Awesome! It is such a joy to work with dogs so eager to please! A little frustrating sometimes but always better a dog that you have to dial back then one you have to try to amp up. 

Hehehe yes I think I was. I'm really glad you girl likes it! Mr. Wobbler has saved my butt on plenty of busy or bad weather days!


----------



## MineAreWorkingline (May 2, 2015)

I teach few commands, but they are absolutes. I don't want my dogs confusing training or commands with fun and games. I want them to know that commands are serious business and I expect them to act accordingly when I give a command. In essence, I set a tone with my training. When I do give a command, regardless of what they are doing or what is going on around them, they immediately change their attitude to reflect the same.


----------



## Steve Strom (Oct 26, 2013)

voodoolamb said:


> Oh we do combine them. As much as possible.
> 
> We are in the city though, with a postage stamp sized yard and undesirables in the neighborhood so to speak.
> 
> ...


Well, I'm crabby and my foot kills me, Lol. I don't look at walks as anything more then just hanging out too, hiking here and there for fun. But the driving to someplace, train and play, then at home relax is my basic plan too. I never really worry about tiring him out for any specific reason. It happens, but no matter what, they're always ready for round 2 whether I am or not.


----------



## voodoolamb (Jun 21, 2015)

Steve Strom said:


> Well, I'm crabby and my foot kills me, Lol. I don't look at walks as anything more then just hanging out too, hiking here and there for fun. But the driving to someplace, train and play, then at home relax is my basic plan too. I never really worry about tiring him out for any specific reason. It happens, but no matter what, they're always ready for round 2 whether I am or not.


Yep. Mako is pretty much ready to go whenever as well. God I love that dog. 

I guess our off leash adventuring isn't really to tire him out per se as I don't think that has ever truly happened... it's just that if he didn't get his off leash time - he'd be dead. 

I would have strangled his fuzzy butt because he gets annoying with out it lol.


----------



## MineAreWorkingline (May 2, 2015)

voodoolamb said:


> Yep. Mako is pretty much ready to go whenever as well. God I love that dog.
> 
> I guess our off leash adventuring isn't really to tire him out per se as I don't think that has ever truly happened... it's just that if he didn't get his off leash time - he'd be dead.
> 
> I would have strangled his fuzzy butt because he gets annoying with out it lol.

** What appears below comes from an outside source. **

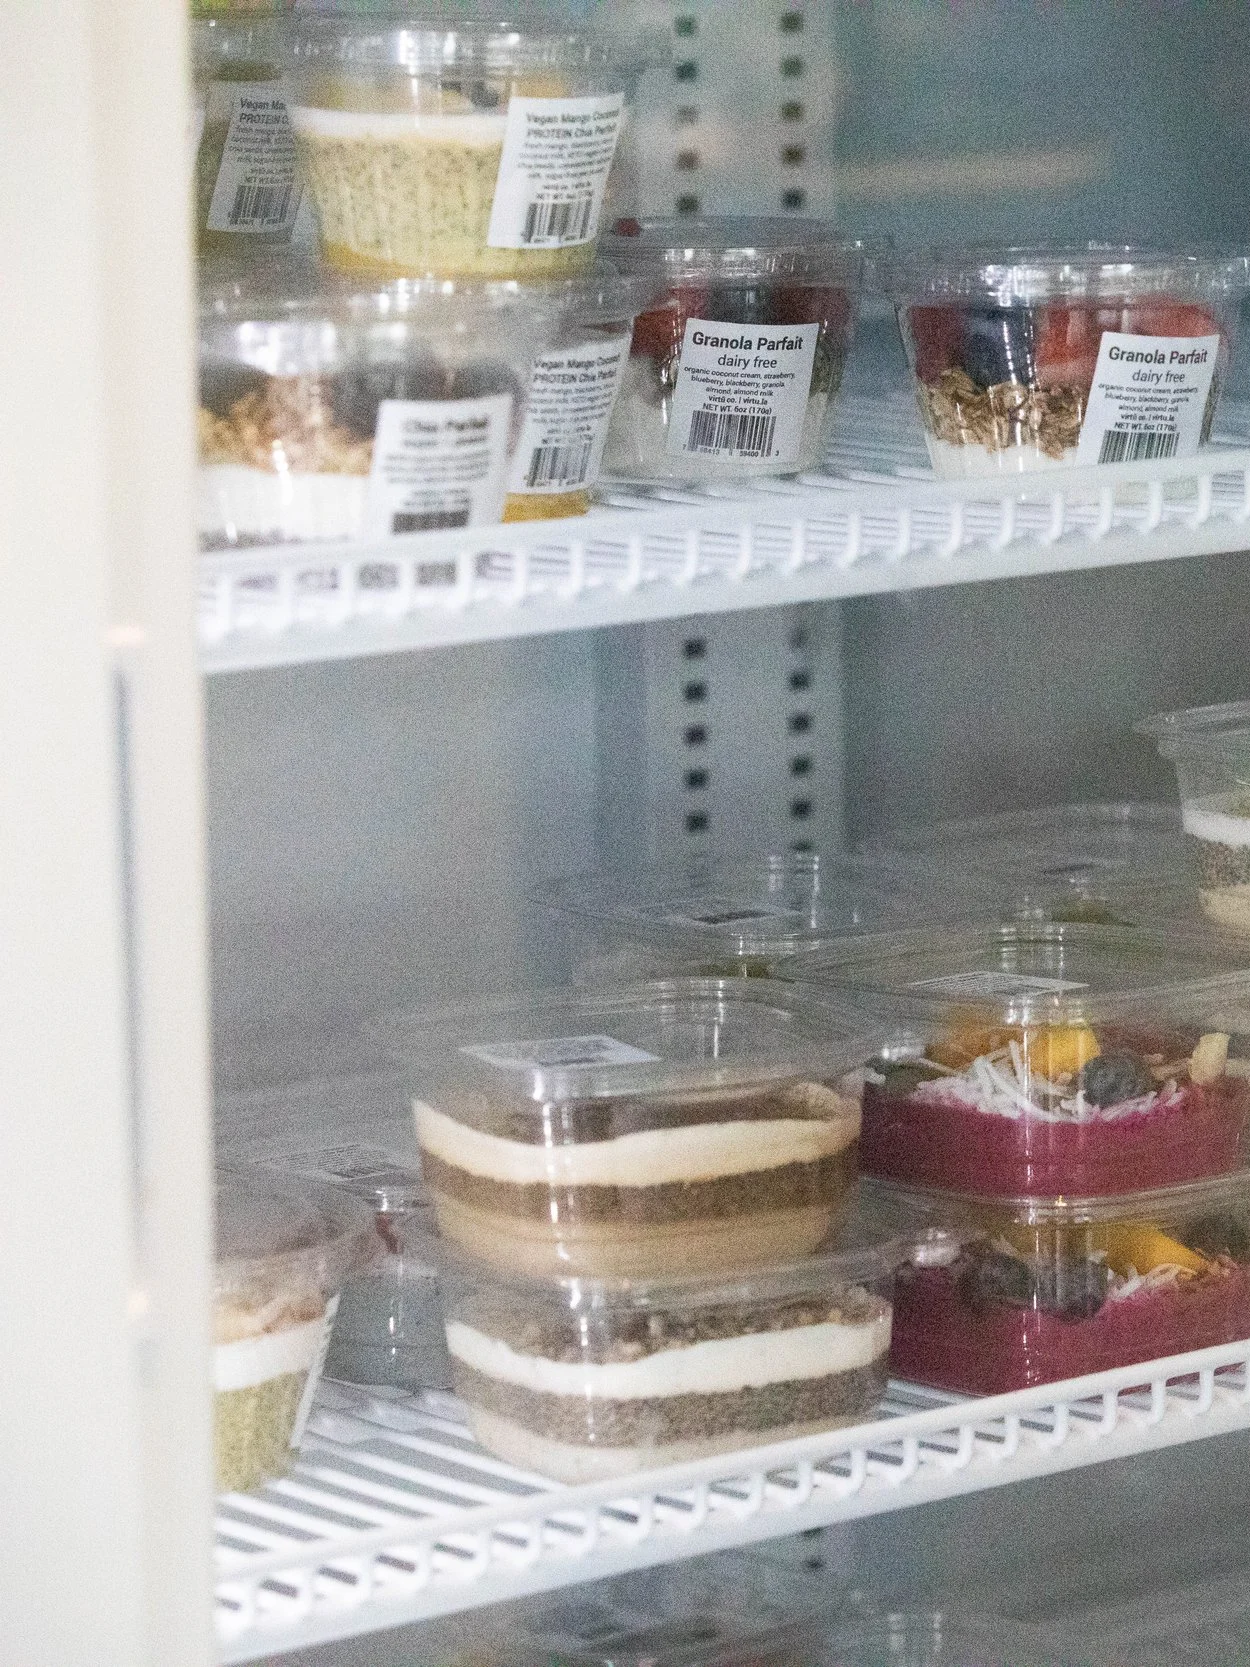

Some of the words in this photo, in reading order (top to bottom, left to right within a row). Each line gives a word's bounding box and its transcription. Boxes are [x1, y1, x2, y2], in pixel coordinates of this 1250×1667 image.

I wish more people understood this about high energy dogs like GSDs. I think most of the problem dogs that people post about on here have roots that go back to a lack of exercise.


----------



## Courtney (Feb 12, 2010)

Rusty has never been hyper but he can get "busy" if he's bored. I could take him out and run him into the ground and he will want to know what's next? What tires him out is making him use his noggin. He likes to figure things out, explore a new location with me, track, help me around the house.

Dog parks - not my thing. My boy likes order and finds some dogs "friendly" behavior as a turn off and would not enjoy himself in that type of setting. He has played with trusted dogs and did great but he always wants to know where I'm at and finds me more interesting. lol

I just think dog parks will constantly disappoint responsible dog owners.


----------



## MineAreWorkingline (May 2, 2015)

I find the vast majority of people who go to dog parks are very responsible and if they follow a few simple rules, find the experience anything but disappointing.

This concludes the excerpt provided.